Playing Rhinoceros
By Jake Oorloff
Ionesco's most famous play may have a surreal
idea at its centre (that people are turning into rhinoceroses),
but he uses this to say something about human nature while at the
same time creating a drama which is by turns funny, surprising,
and fascinating.
|
The Rhinoceros cast |
The Gateway College production of Eugene Ionesco's
Rhinoceros played at the Wendt from August 30 to September 1. My
first thought was 'Thank God' it's not another West-end musical
or Shakespeare. School drama clubs and theatre groups in Colombo
seem obsessed with the two categories, and I have had my fill of
sitting through some very half-baked productions in the last year.
A very bold choice for a school production, not
to mention ambitious and I salute the principal and director, Sashi
Mendis Decosta for it. Rhinoceros, set in a small provincial town,
was described by Ionesco as 'an anti-Nazi play.' This play demonstrates
his disgust as he saw how his friend slowly accepted Nazism. Bérenger,
an average middle-class citizen, shows little interest in the fact
that a rhinoceros has appeared in the town; he is bored, but other
people willingly transform themselves into rhinoceroses. He quarrels
with his friend Jean and Daisy, his pretty secretary. In the office
Bérenger witnesses the staff gradually join the rhinoceroses.
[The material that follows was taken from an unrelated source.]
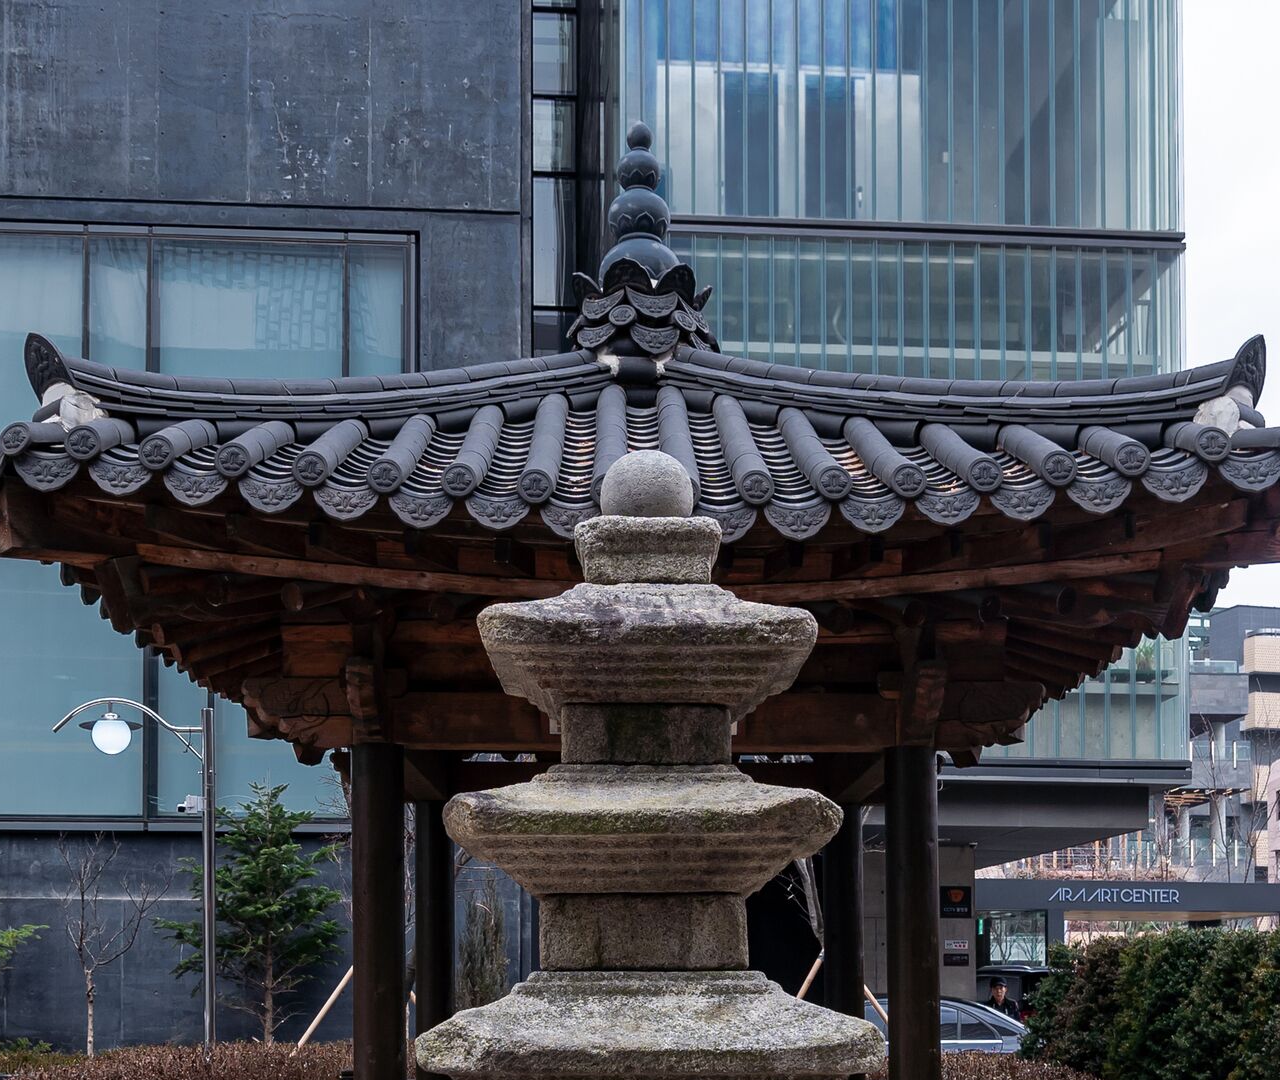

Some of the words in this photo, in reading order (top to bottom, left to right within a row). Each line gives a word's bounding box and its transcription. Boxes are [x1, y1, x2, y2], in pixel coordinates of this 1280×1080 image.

[1048, 887, 1086, 902] ARA
[1087, 887, 1120, 903] ART
[1120, 888, 1180, 903] CENTER
Finally Daisy and he are the only human beings, and when Daisy too
turns into a rhinoceros, Bérenger, alone, wonders why he
cannot change, and begins to feel that his lack of a horn on his
forehead makes him ugly, but ends with defiance against the idea
of changing.
The full-length play revolves round a semi-autobiographical
figure, Bérenger, played by Prasanna Welangoda. A promising
actor, yet Welangoda's portrayal of Bérenger relied too much
on the words. He was not alone in this. The cast throughout the
play tended to rely on merely speaking the lines with very little
connection between what was being said, the way it was being said
and the actors' bodies.
A seeming disconnection between the play's action
and the understanding of the cast marred the production. The playing
could have been more physical and the second act did use movement
to an extent but again this was not sustained.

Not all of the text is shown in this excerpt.